# [Prompt]
Transcribe all the entries word for word, omitting any pictures they contain.

# [Data listing]
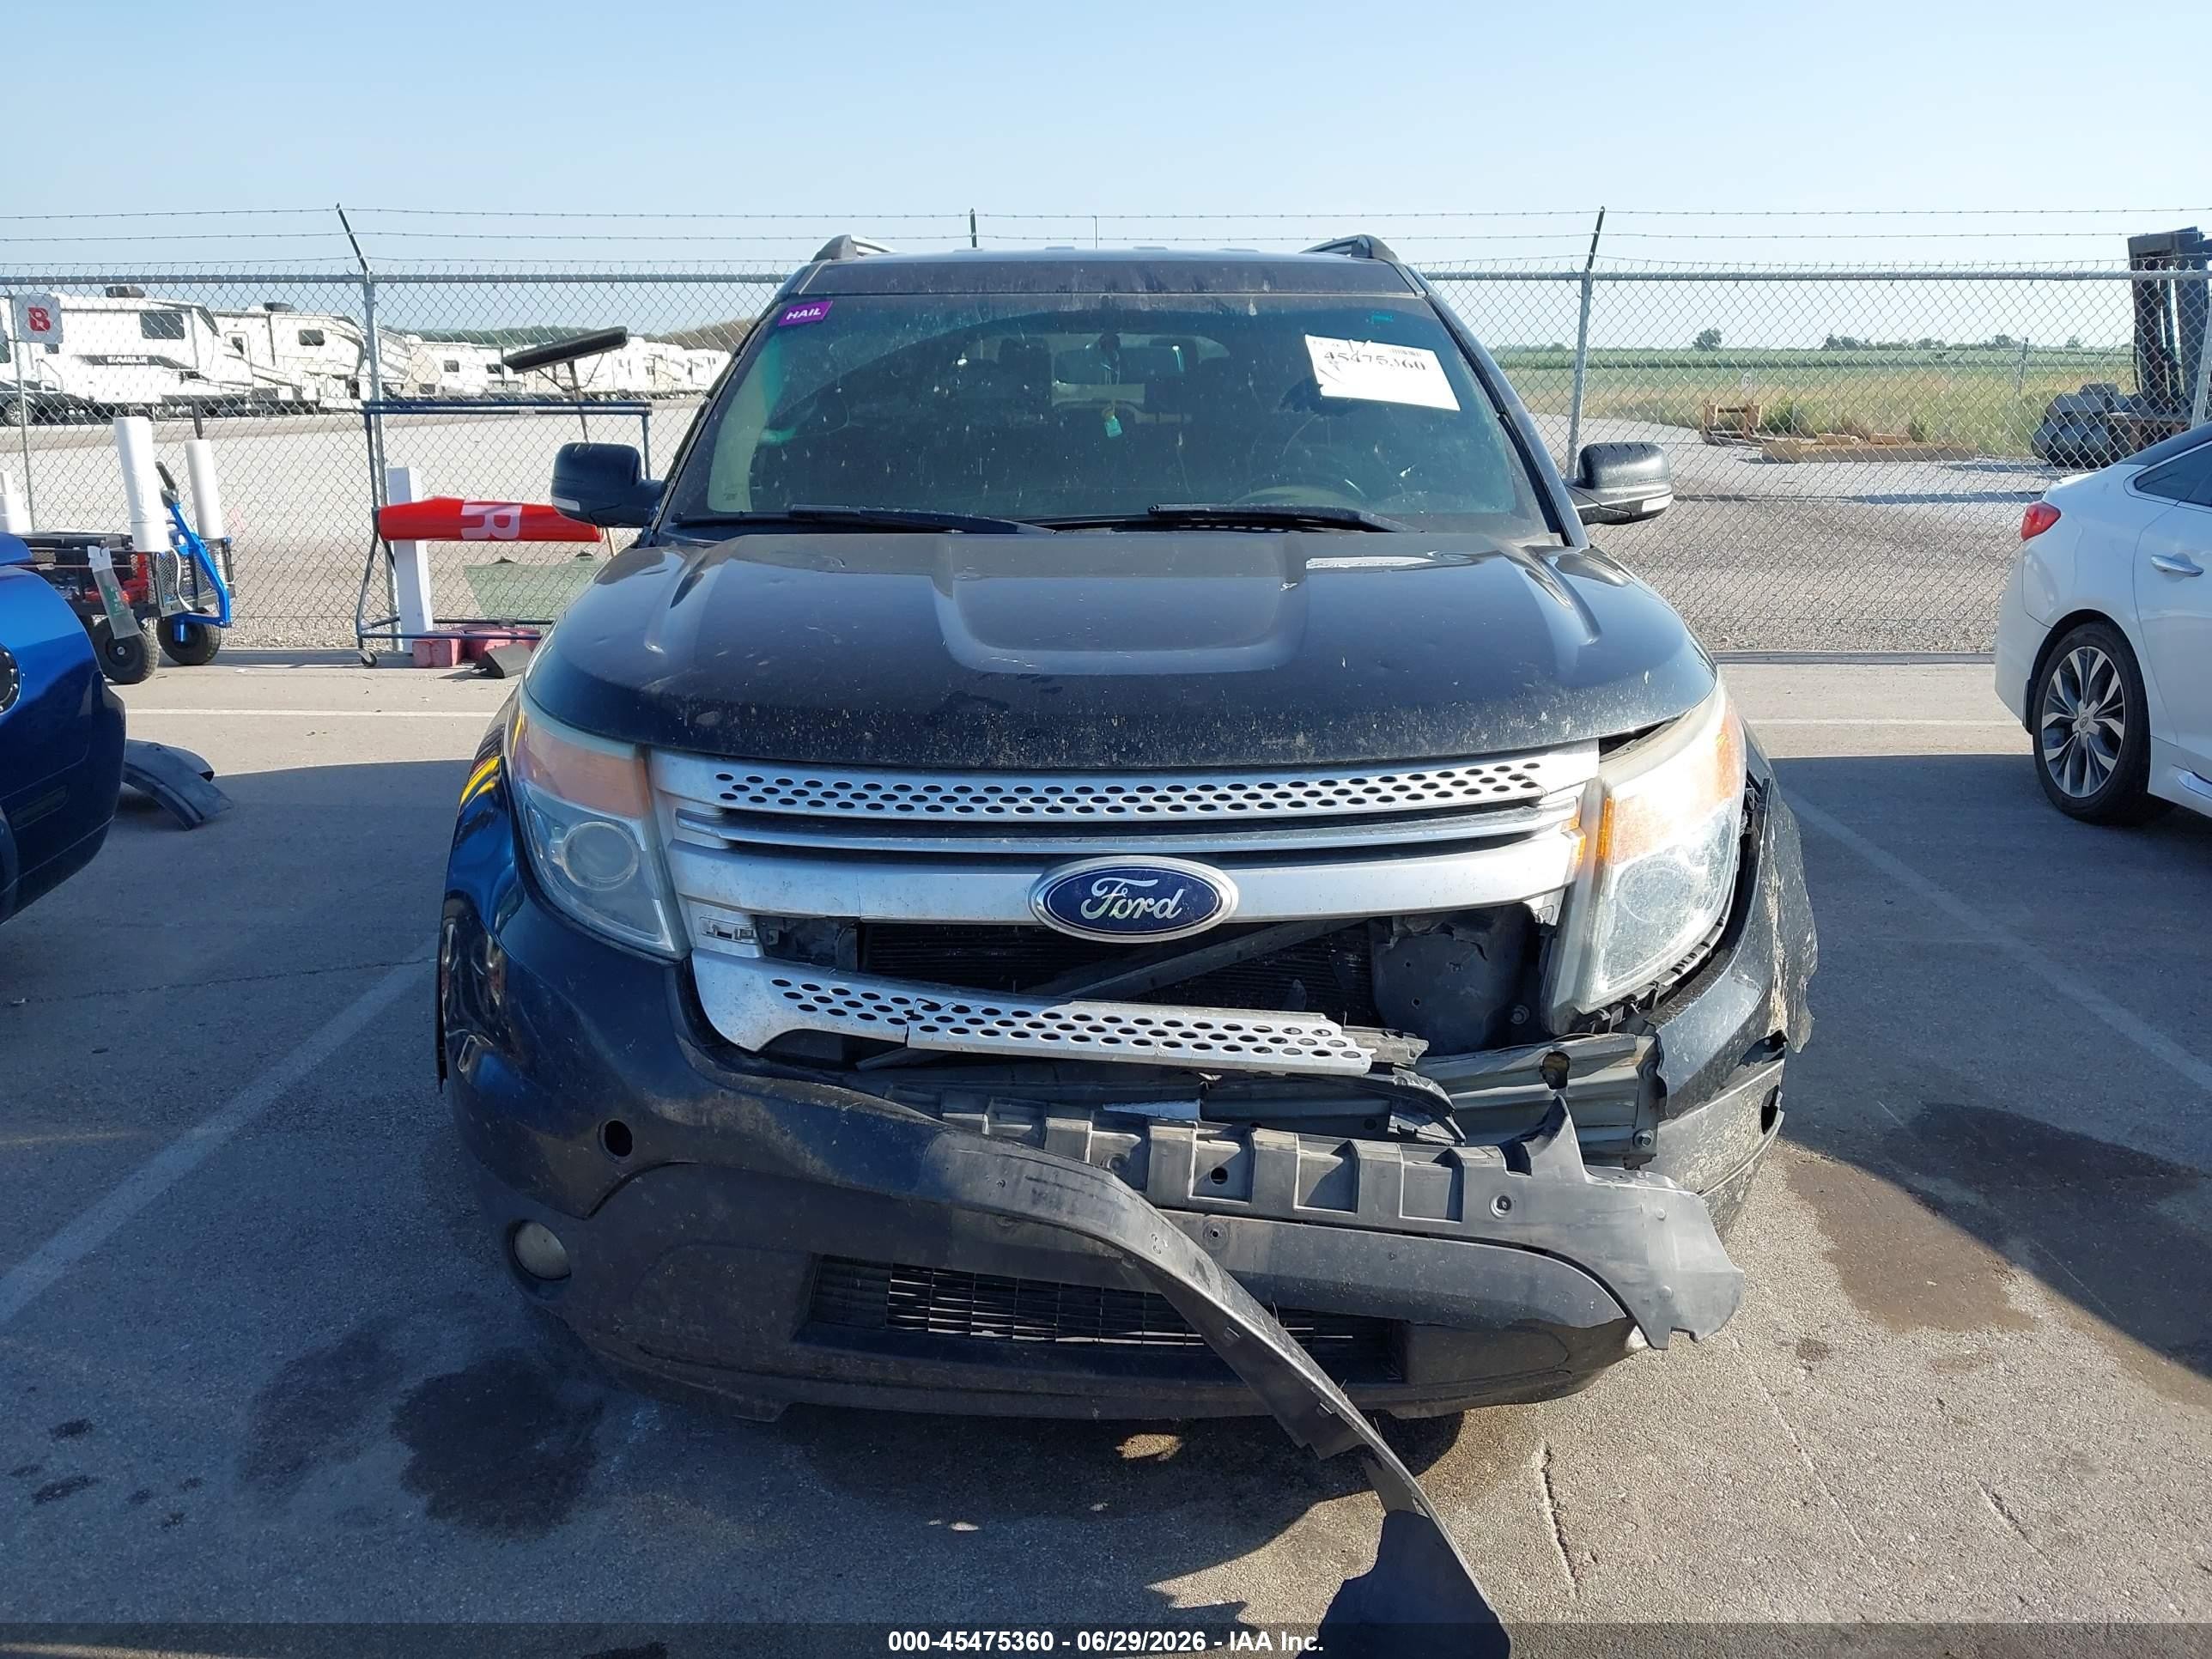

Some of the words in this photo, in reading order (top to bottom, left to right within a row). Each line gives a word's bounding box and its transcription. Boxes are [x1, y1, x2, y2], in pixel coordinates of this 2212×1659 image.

[27, 307, 52, 331] B
[786, 307, 822, 320] HAIL
[460, 504, 522, 540] R
[1080, 877, 1187, 920] Ford

# [Task response]
Some of the words in this photo, in reading order (top to bottom, left to right within a row). Each line gives a word's bounding box and its transcription. Boxes are [x1, y1, x2, y2], in pixel coordinates of this 2212×1659 image.

[27, 307, 52, 331] B
[786, 307, 822, 320] HAIL
[460, 504, 522, 540] R
[1080, 877, 1187, 920] Ford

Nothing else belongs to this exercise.